Gaining weight during your pregnancy is to be expected (not counting the weight of the new person growing inside of you). However, the cliché ‘eating for two’ is often used to justify binge eating during pregnancy which can have adverse health outcomes for you and your baby.
Finding the balance between eating more to ensure your baby gets proper nutrition during development and not overeating can be difficult. However, it’s vital that you try to find this balance to ensure the health of your baby and make it easier for yourself to lose weight after giving birth (something many women, unfortunately, struggle with).
The following will look at some of the consequences of overeating during pregnancy.
Putting on excess weight
Obviously, overeating during pregnancy can lead to a more significant amount of weight gain than is typical. This weight gain can be hard to notice if you are late in your pregnancy and have a large baby bump that draws attention away from other areas.
Physically carrying more weight during your pregnancy, coupled with the weight of your child, can cause a variety of issues. These issues range from joint pain to other problems such as haemorrhoids or varicose veins.
Because pregnancy results in lower physical activity and heightened cravings, it can be easy to get stuck on the couch, eating sugary foods to satisfy those cravings. Instead of this, you should try to find meals that are satisfying and nutritious that you can easily cook at home, or have someone help prepare it for you.
Causing gestational diabetes
Developing diabetes is always a risk when overeating, but it’s even worse when you run the risk of unintentionally burdening your newborn child with it. Gestational diabetes occurs when the increased sugar levels in a pregnant woman raise the levels of insulin and blood sugar in the baby she is carrying, which can expose them to obesity and type 2 diabetes.
While you might think eating too many sweets is a personal problem, it becomes a shared problem for your baby when you’re pregnant with them. When you have cravings for sugary foods during your pregnancy, remember that those treats won’t do any good for your child.
Increasing the risk of needing a C-section
If you consume too much food during your pregnancy, your baby’s weight can increase as well. The larger the baby, the more excruciating giving birth can be, and sometimes, it may even warrant an emergency c-section. While c-sections are an accepted and routine practice, they can introduce complications that are best avoided in favour of traditional birth if possible.
Even if you manage to have a traditional birth, larger babies can injure their shoulders or your birth canal during your struggle to give birth to them.

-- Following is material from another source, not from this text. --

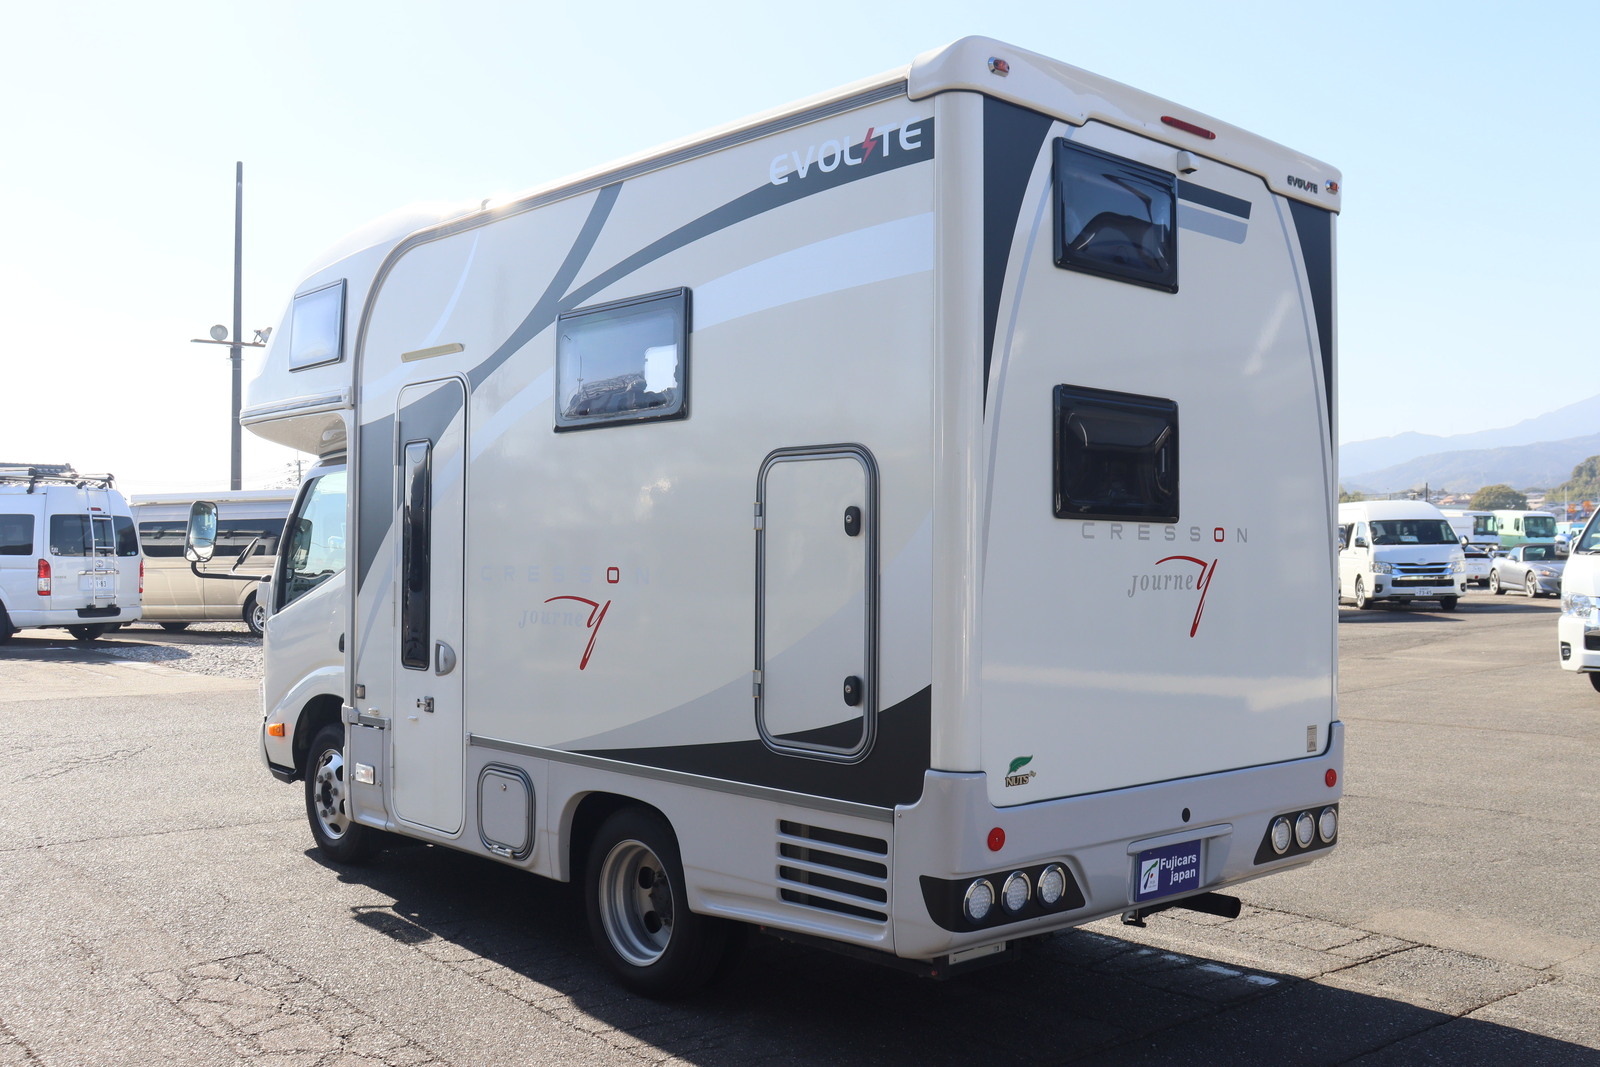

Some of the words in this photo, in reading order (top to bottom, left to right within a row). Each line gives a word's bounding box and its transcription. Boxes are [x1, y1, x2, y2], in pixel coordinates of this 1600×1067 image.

Larger newborns are known to have an increased risk of low blood sugar and heart disease after they are born.
Pregnant women often cite heartburn as a problem, and overeating can make this issue even worse. As you get to the later stages of your pregnancy, your uterus will grow, and this can cause crowding around your digestive tract and add pressure on your intestines and stomach. Overeating at this time can cause more intense feelings of heartburn and indigestion.
Harder time losing weight after pregnancy
After you give birth, there’s no reason why you can’t return to your previous weight once your body has taken time to heal. If you overeat during pregnancy, then you will be heavier than you need to be when you give birth and can find it much harder to lose that weight in the future.
The ‘mummy tummy’ is a phenomenon associated with motherhood that many women struggle with for months and even years after giving birth. However, you should not feel like you can’t be as fit or attractive as you were pre-pregnancy just because you’ve had children.
If you develop lousy food habits during pregnancy under the pretext that you’re eating for two, you may find those habits very difficult to shake once the baby is born. This can lead to increased weight gain after your pregnancy and put you at risk of all the health issues that accompany it.